Hello.

Having in mind that this is my first post here, I'd like to say hello to everyone on this site.

My name is Krzysiek, I'm 21 and currently studying first year of medicine.

 

Right now I'm preparing for my first biochemistry exam.

I'm using "Harper's Biochemistry", but the author's language ain't making it easy to understand
This is the only paragraph that mentions the acid-base catalysis:

"Acid-base catalysis can be either specific

or general. By "specific" we mean only

protons (H3O+) or OH- ions. In specific

acid or specific base catalysis, the rate

of reaction is sensitive to changes

in the concentration of protons but

independent of the concentrations of other

acids (proton donors) or bases (proton acceptors)

present in solution or at the active site.

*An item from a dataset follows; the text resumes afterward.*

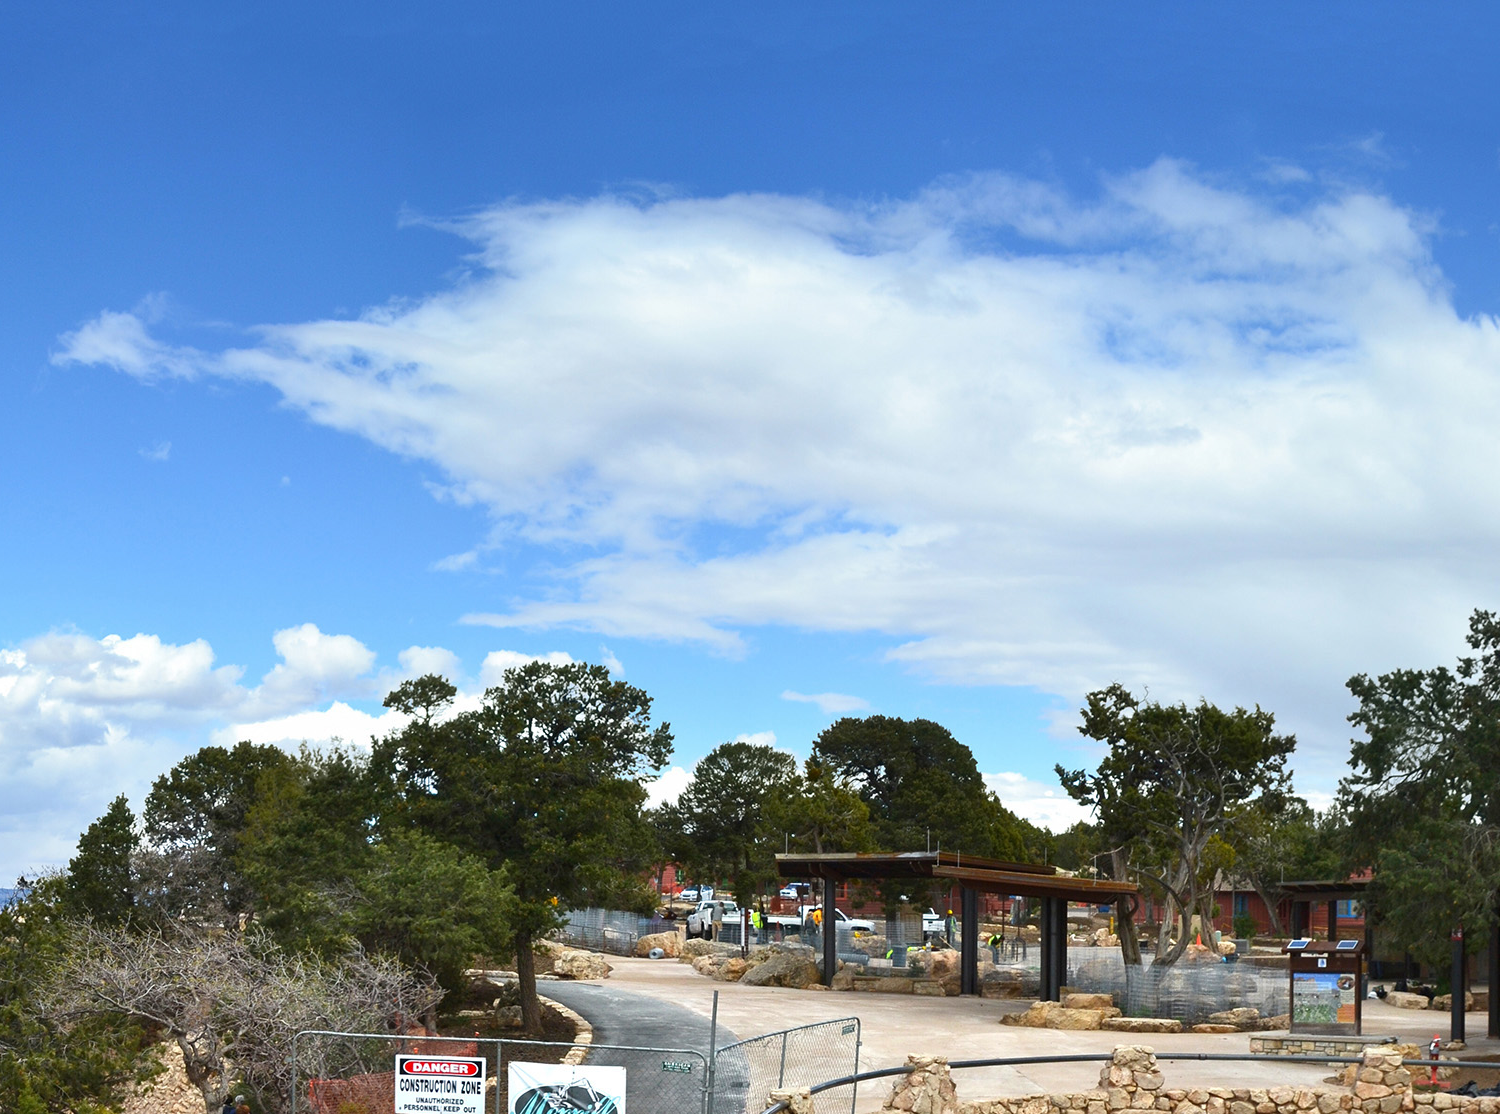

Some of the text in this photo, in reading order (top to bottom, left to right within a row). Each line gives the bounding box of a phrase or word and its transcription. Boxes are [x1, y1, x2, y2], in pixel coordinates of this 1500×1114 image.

[412, 1062, 469, 1073] DANGER
[400, 1078, 481, 1095] CONSTRUCTION ZONE
[415, 1097, 464, 1105] UNAUTHORIZED
[403, 1104, 440, 1112] PERSONNEL

Reactions whose rates are responsive to all the

acids or bases present are said to be

subject to general acid or general base catalysis."

For me it is so unclear!

So, as far as I know only the H+ and OH- ions decide whether a particular compound is acidic or not. So how come "the rate of reaction is sensitive to changes in the concentration of protons but independent of the concentrations of other acids"? If there are other acids in the solution automatically the concentration of H+ ions increases and this is what the "specific" mechanism is sensitive to. I mean, in my opinion the presence of other acids induces the change of H+ concentration, so it's impossible that the "specific" catalysis won't be affected...

Can someone please put this Harper's paragraph in a simpler language with regards to my reflections? Thanks in advance

I did a little Googling, as I found the paragraph you posted to be odd and it made very little sense to me. I came across this video:

 

 

It seems they are referring to specific as involving strong acids or bases, where there is full dissociation prior to the rate determining step, and general as involving weak acids or bases, where proton transfer occurs during the RDS. Way to use standard terminology, biochemistry!

 

Also, there are other types of acids and bases not covered by this definition. Specifically, Lewis acids and bases. They are not referencing these, however.

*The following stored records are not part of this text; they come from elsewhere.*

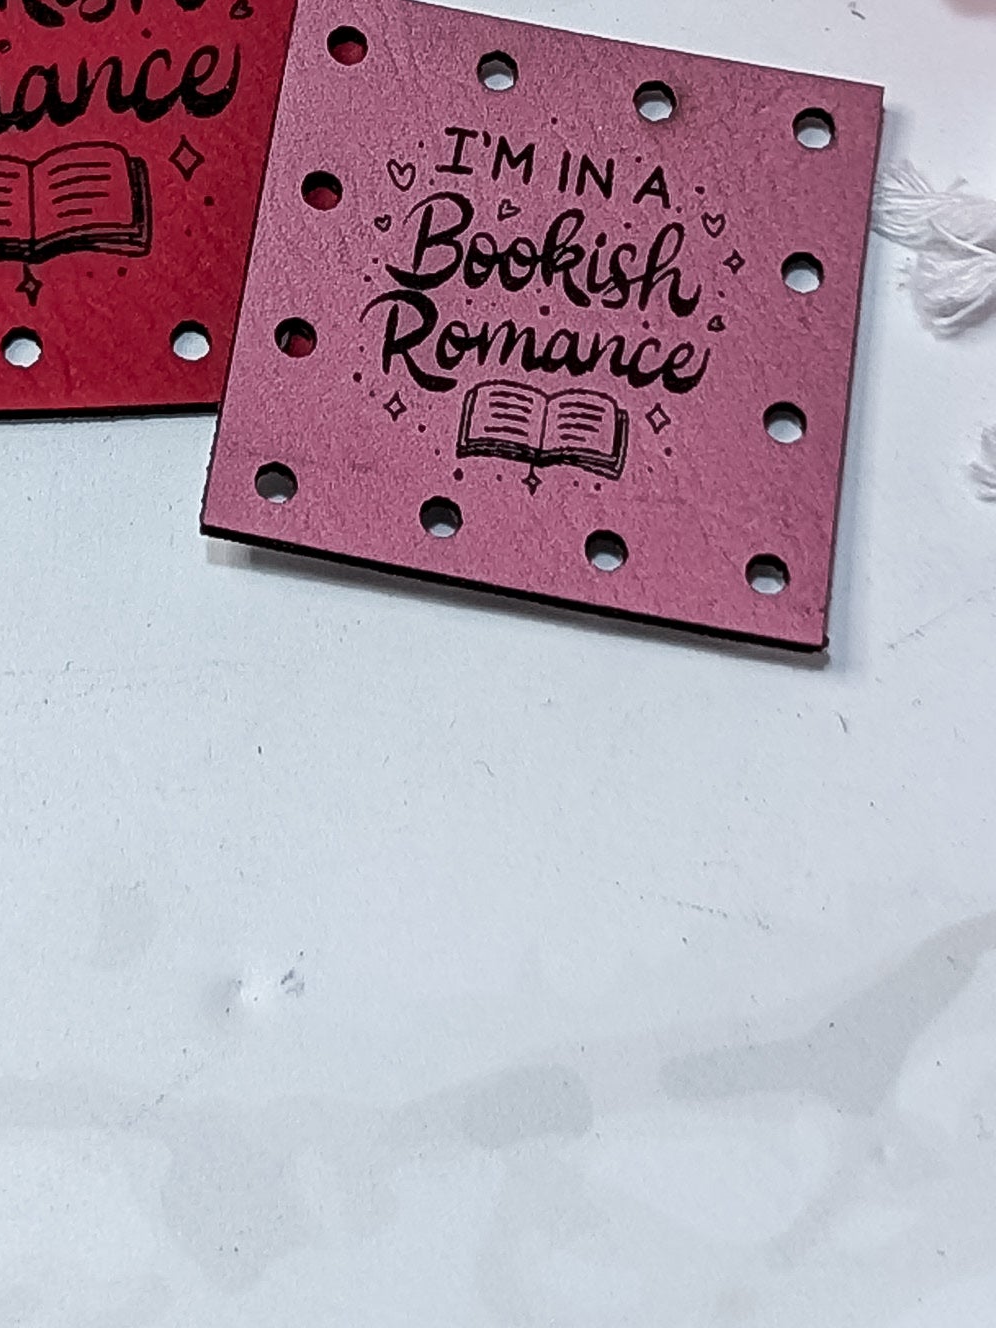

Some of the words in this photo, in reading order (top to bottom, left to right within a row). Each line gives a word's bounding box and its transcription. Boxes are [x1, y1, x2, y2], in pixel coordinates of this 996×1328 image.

[435, 127, 535, 185] I'M
[558, 151, 614, 199] IN
[633, 166, 671, 209] A
[385, 191, 702, 317] Bookish
[359, 289, 710, 393] Romance

If an aqueous reaction speeds up as the concentration of protons is increased, then it is subject to specific acid catalysis. If a reaction speeds up as the concentration of a buffering species is increased at constant pH, then general acid (or general base) catalysis may be occurring (but nucleophilic catalysis would need to be ruled out before one could conclude that it was IIUC). The key is that if one raises the concentration of a buffer then one does not change the pH (to a very good first approximation), yet the reaction speeds up. Therefore, the weak acid or weak base component of the buffer must be the catalytic species.

 

William P. Jencks' Catalysis in Chemistry and Enzymology has a good discussion (all of Chapter 3), despite its being an older book. Many enzymes use a histidyl residue to perform general acid or general base catalysis; these include chymotrypsin and ribonuclease A. General acid and general base catalysis may be more important for enzymes than in organic synthesis, because much biochemistry takes place near neutral pH, where both protons and hydroxide ion are in very low concentration.

Edited November 16, 201510 yr by BabcockHall

It is my understanding that proton transfer may be, but need not be, concerted with the bond breaking or bond forming between heavy atoms. However the reading I have done so far has not addressed this point explicitly.